Todo esposo debe imitar al Padre en el trato con su esposa; se debe entregar totalmente a ella y nunca dejar de pensarla. Es deber del esposo procurar la felicidad y salvación, como instrumento libre, de esa preciosa hija de Dios que se le ha concedido tener como compañera de vida. Si el Padre tiene al Hijo como su predilecto, así el esposo debe tener a su esposa, porque así lo dice la escritura: “Como azucena entre espinas así es mi amada entre las muchachas” (Cant. 2, 1); “Aunque sean sesenta las reinas, ochenta las concubinas, y un sinnúmero las doncellas, ella sola es mi paloma, mi preciosa” (Cant. 6, 8-9). Por su parte, la mujer debe ser muy consciente de la gran responsabilidad que conlleva el haber recibido a un hijo de Dios como compañero de vida, pues en ella confía el marido su corazón (Prov. 31, 11), sobre el cual ella tiene una gran influencia. ¡Noble labor tiene la mujer! Ella cuida con ternura femenina el corazón de un hombre que tiene el precio de la sangre de Cristo.
No podemos dejar de mencionar el lugar del Espíritu Santo en esta relación amorosa. Como es sabido, la Tercera Persona de la Santísima Trinidad procede del Padre y el Hijo; es su Amor subsistente que les abraza y consuma en la unidad (Royo Marín, A.; “Dios y su Obra”). En la relación esponsal, esta divina Persona se ve reflejada, en un primer lugar, en ese “nosotros” que surge de la relación entre los amantes, y, en segundo lugar —y de manera más perfecta— en sus hijos, corona de amor de los esposos, que constituyen realmente una tercera persona distinta a la de ellos.
Pero no sólo dentro del misterio de la intimidad de Dios se nos muestra el misterio del amor humano, sino también en las huellas del misterio de la unión de Cristo con su Iglesia.
La verdadera esperanza de los esposos es poder llegar al Reino juntos.

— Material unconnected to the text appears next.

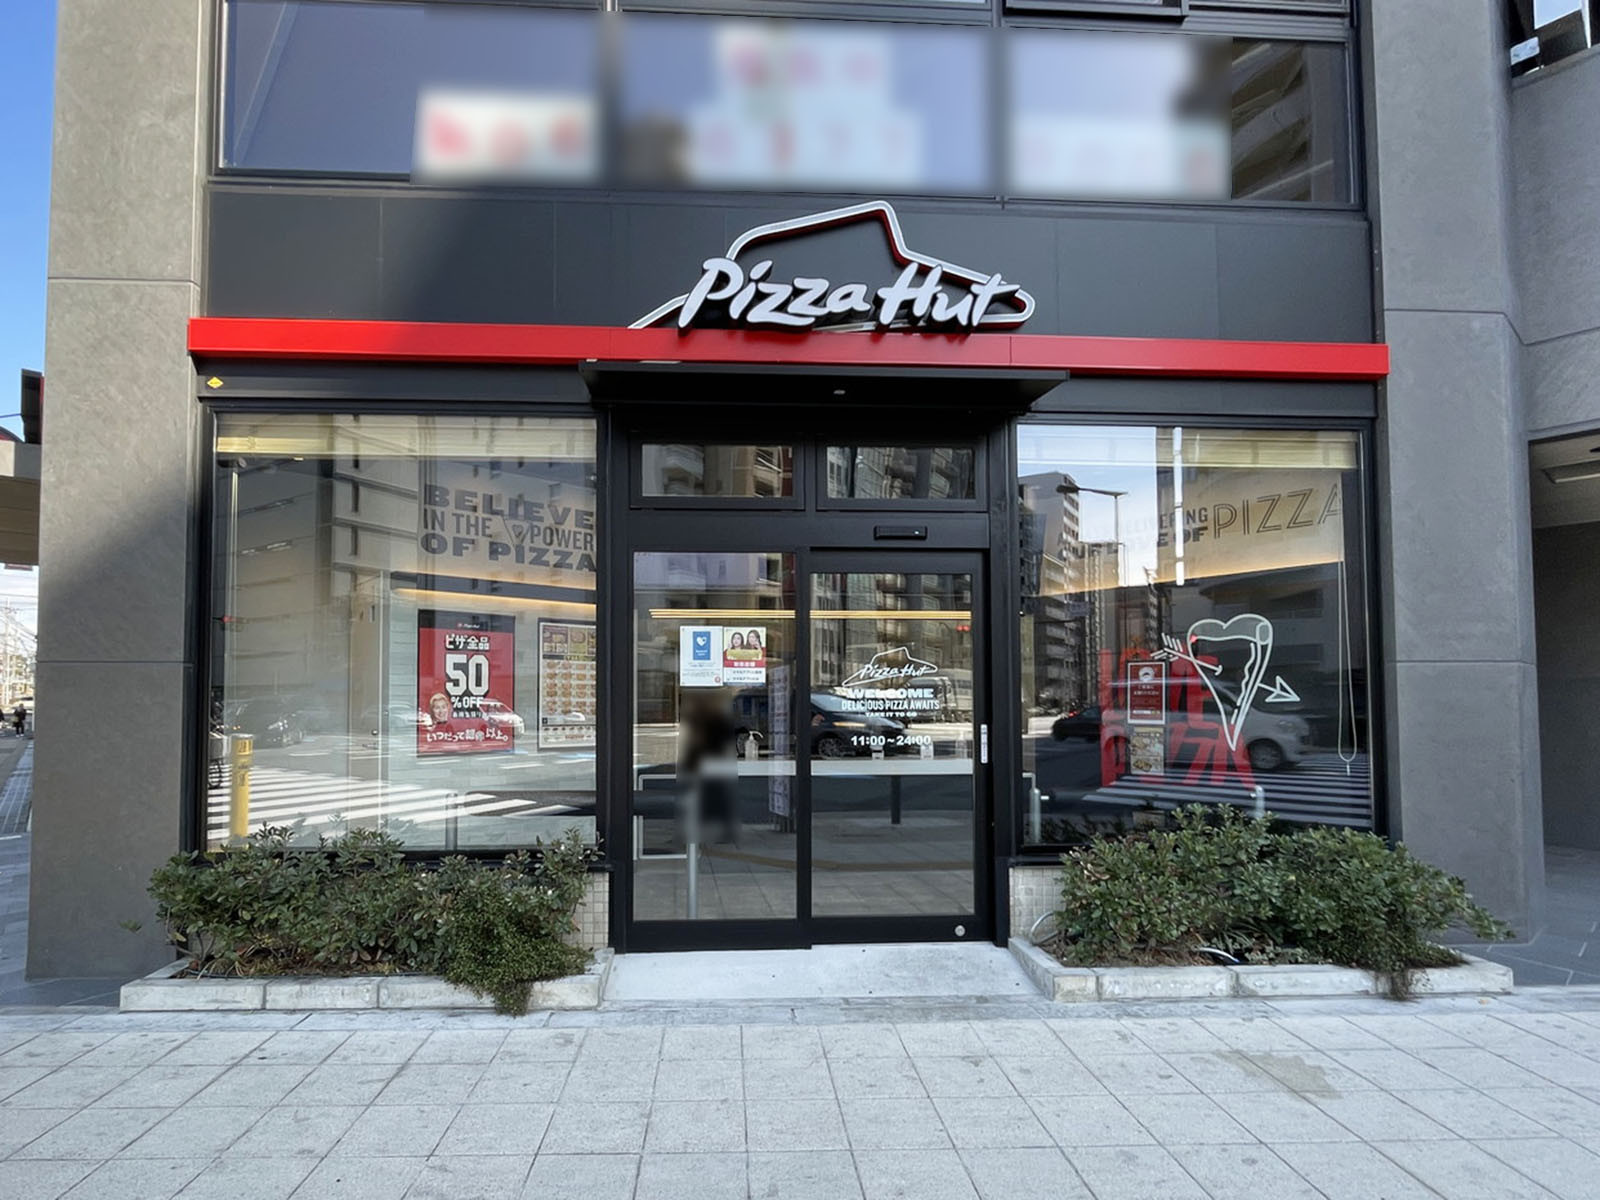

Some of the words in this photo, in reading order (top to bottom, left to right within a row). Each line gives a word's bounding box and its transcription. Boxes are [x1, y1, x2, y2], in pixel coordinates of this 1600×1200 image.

Gran parte de la doctrina elaborada sobre este punto encuentra su fundamento bíblico en la Carta de san Pablo a los Efesios, específicamente en la siguiente expresión: “Gran misterio es este, pero yo lo digo en relación a Cristo con su Iglesia” (Ef. 5, 32). ¿Qué nos quiere decir con esto el Apóstol de los gentiles? Que el amor esponsal, pero más específicamente el matrimonio como sacramento, significa el vínculo indisoluble de amor que Cristo quiso constituir con su Iglesia. El meditar sobre el inacabable amor que Jesús tiene por su Cuerpo Místico nos permite entender el profundo y hermoso camino de santificación que implica la vida matrimonial, esa vida que consiste en amar para siempre a quien se eligió entre muchos o muchas. Se dice en teología que la santidad consiste en la plena configuración con Cristo, lo cual significa que, en lo relativo al amor esponsal, los amantes deben imitar el intensísimo amor que nuestro Señor tuvo por su Nuevo Pueblo, sin importar las traiciones u ofensas, pues el amor todo lo soporta(cfr. I Cor. 13, 7).¿Quieren los esposos imitar a Cristo en su amor por la Iglesia? Entréguense de manera recíproca y total, dense como mutuo alimento a semejanza del Cristo eucarístico, sean una carne (Gen. 2, 24) para imitar la unión que existe entre Jesús y los hombres que forman su Cuerpo Místico —“mi amado es para mí y yo para él” (Cant. 2, 16)— , unión que también se ve reflejada en el misterio de la encarnación, en donde la naturaleza humana y divina se abrazan en un único subsistente. Que la vida esponsal sea una de perfeccionamiento, en donde el corazón del hombre y la mujer vayan adquiriendo, con esfuerzo y paciencia, las cualidades del Sagrado Corazón, que tanto amó a los hombres (Jn. 3, 16), que se entregó por ellos en la Cruz (Flp. 2, 8).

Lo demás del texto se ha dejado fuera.